---- The input

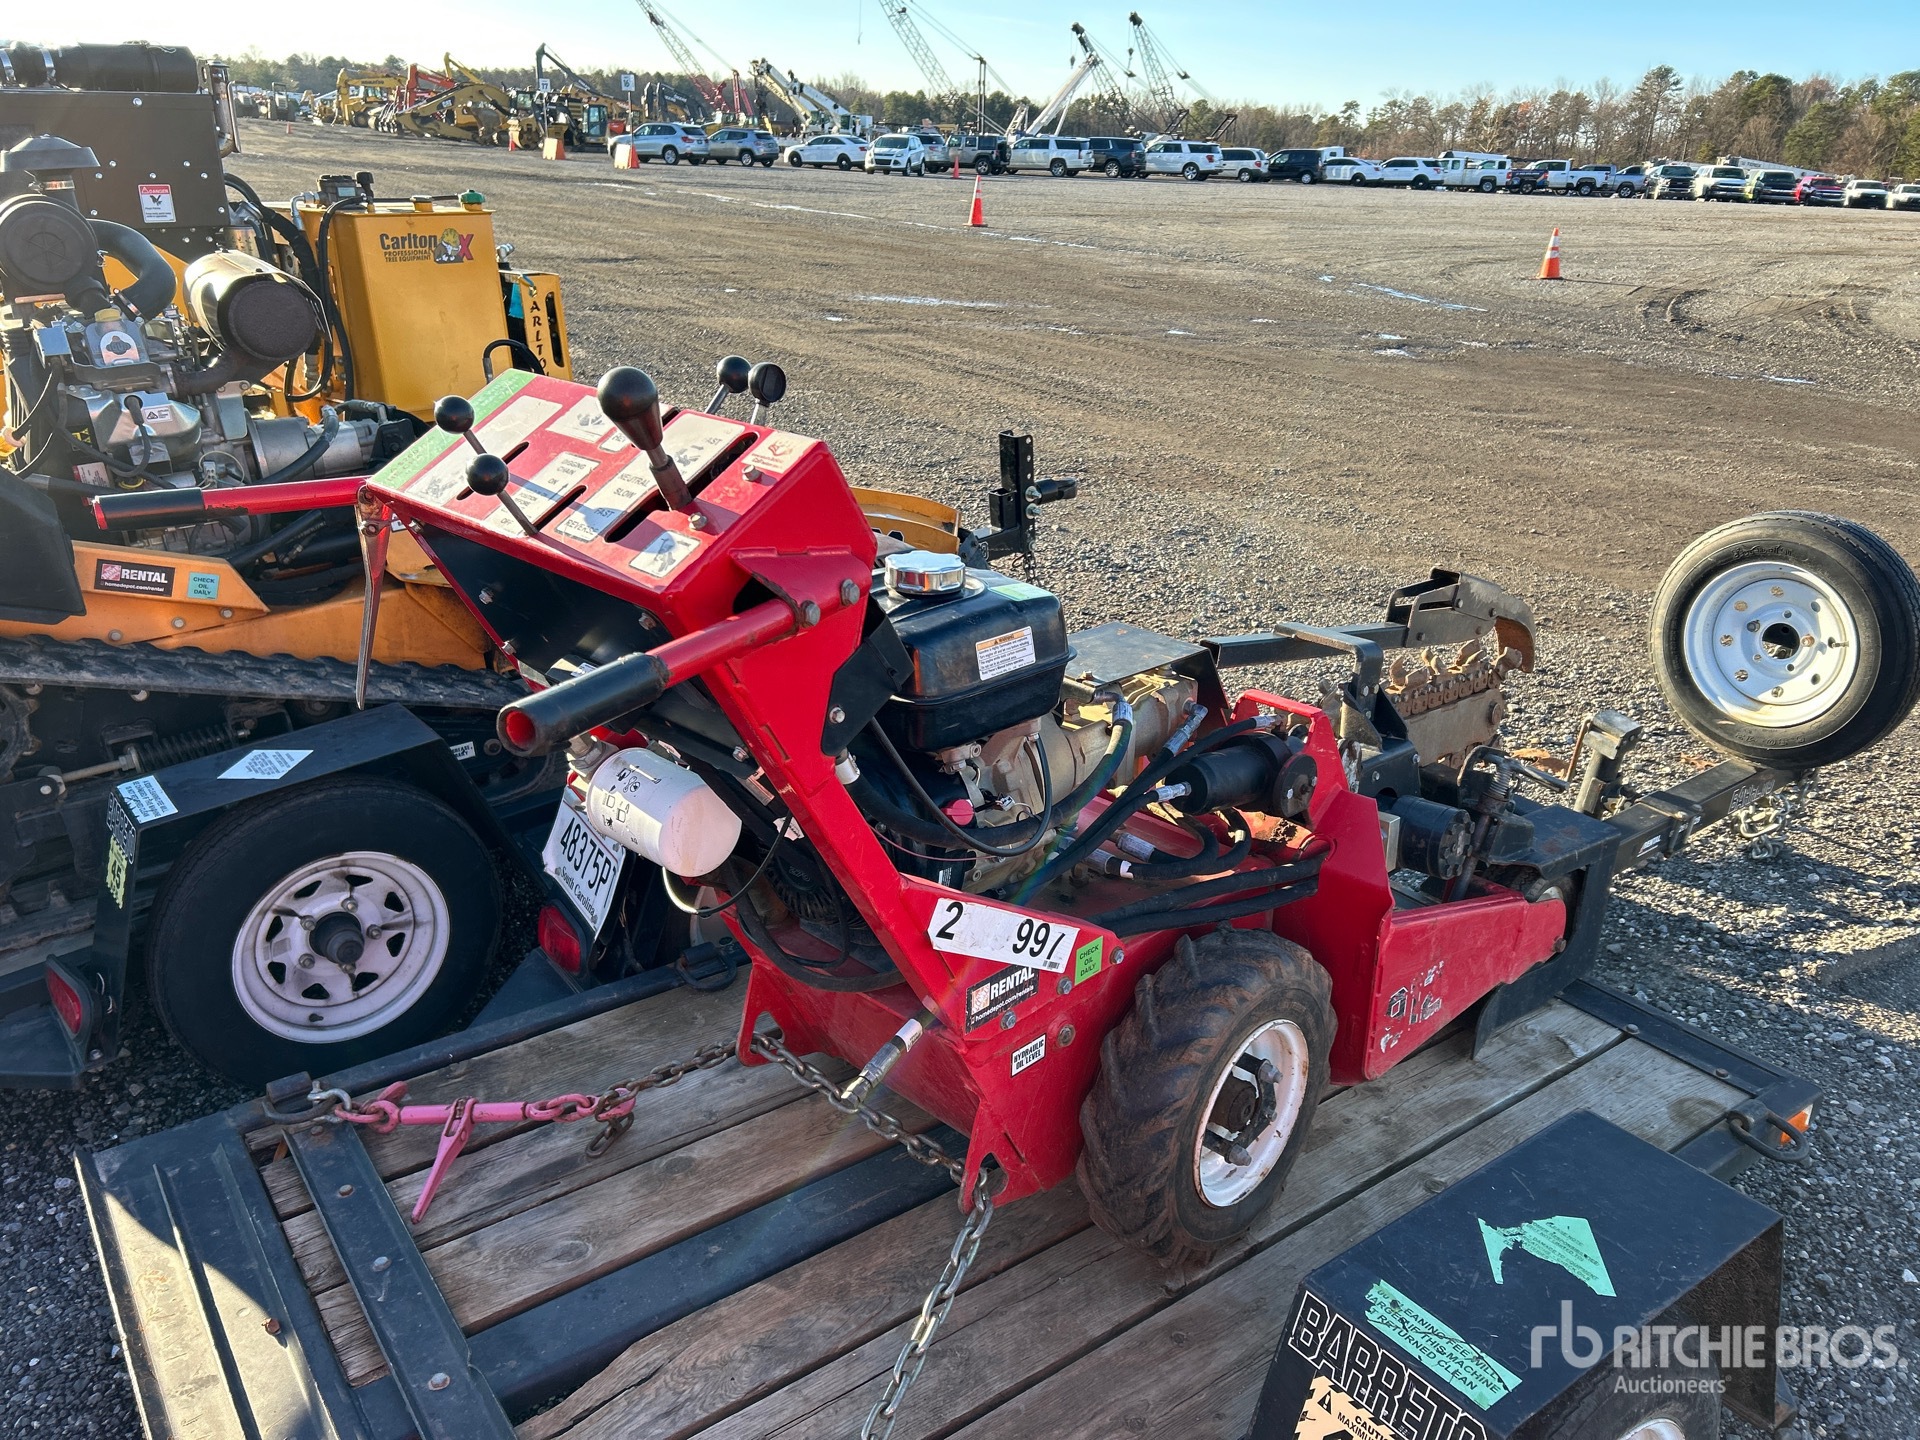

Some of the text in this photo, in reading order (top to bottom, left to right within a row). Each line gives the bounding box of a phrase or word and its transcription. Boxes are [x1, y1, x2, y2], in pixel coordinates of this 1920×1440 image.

[379, 233, 438, 250] Carlton
[384, 249, 431, 257] PROFESSIONAL
[620, 473, 650, 488] NEUTRAL
[613, 487, 637, 499] SLOW
[594, 507, 616, 518] FAST
[564, 518, 599, 536] REVERSE
[121, 568, 168, 584] RENTAL
[193, 576, 215, 584] CHECK
[560, 865, 597, 918] South Carolina
[935, 902, 964, 941] 2
[1079, 944, 1099, 960] CHECK
[1080, 962, 1097, 977] DAILY
[1084, 956, 1094, 966] OIL
[990, 966, 1035, 1001] RENTAL
[1013, 1038, 1045, 1064] HYDRAULIC
[1015, 1050, 1042, 1070] OIL LEVEL
[1376, 1311, 1478, 1392] RETURNED CLEAN
[1444, 1337, 1470, 1359] FEE
[1419, 1331, 1449, 1356] THIS
[1444, 1350, 1502, 1396] MACHINE

--------

**What the task asks:** Copy the data word for word, no pictures.

**Solution to this exercise:**
Some of the text in this photo, in reading order (top to bottom, left to right within a row). Each line gives the bounding box of a phrase or word and its transcription. Boxes are [x1, y1, x2, y2], in pixel coordinates of this 1920×1440 image.

[379, 233, 438, 250] Carlton
[384, 249, 431, 257] PROFESSIONAL
[620, 473, 650, 488] NEUTRAL
[613, 487, 637, 499] SLOW
[594, 507, 616, 518] FAST
[564, 518, 599, 536] REVERSE
[121, 568, 168, 584] RENTAL
[193, 576, 215, 584] CHECK
[560, 865, 597, 918] South Carolina
[935, 902, 964, 941] 2
[1079, 944, 1099, 960] CHECK
[1080, 962, 1097, 977] DAILY
[1084, 956, 1094, 966] OIL
[990, 966, 1035, 1001] RENTAL
[1013, 1038, 1045, 1064] HYDRAULIC
[1015, 1050, 1042, 1070] OIL LEVEL
[1376, 1311, 1478, 1392] RETURNED CLEAN
[1444, 1337, 1470, 1359] FEE
[1419, 1331, 1449, 1356] THIS
[1444, 1350, 1502, 1396] MACHINE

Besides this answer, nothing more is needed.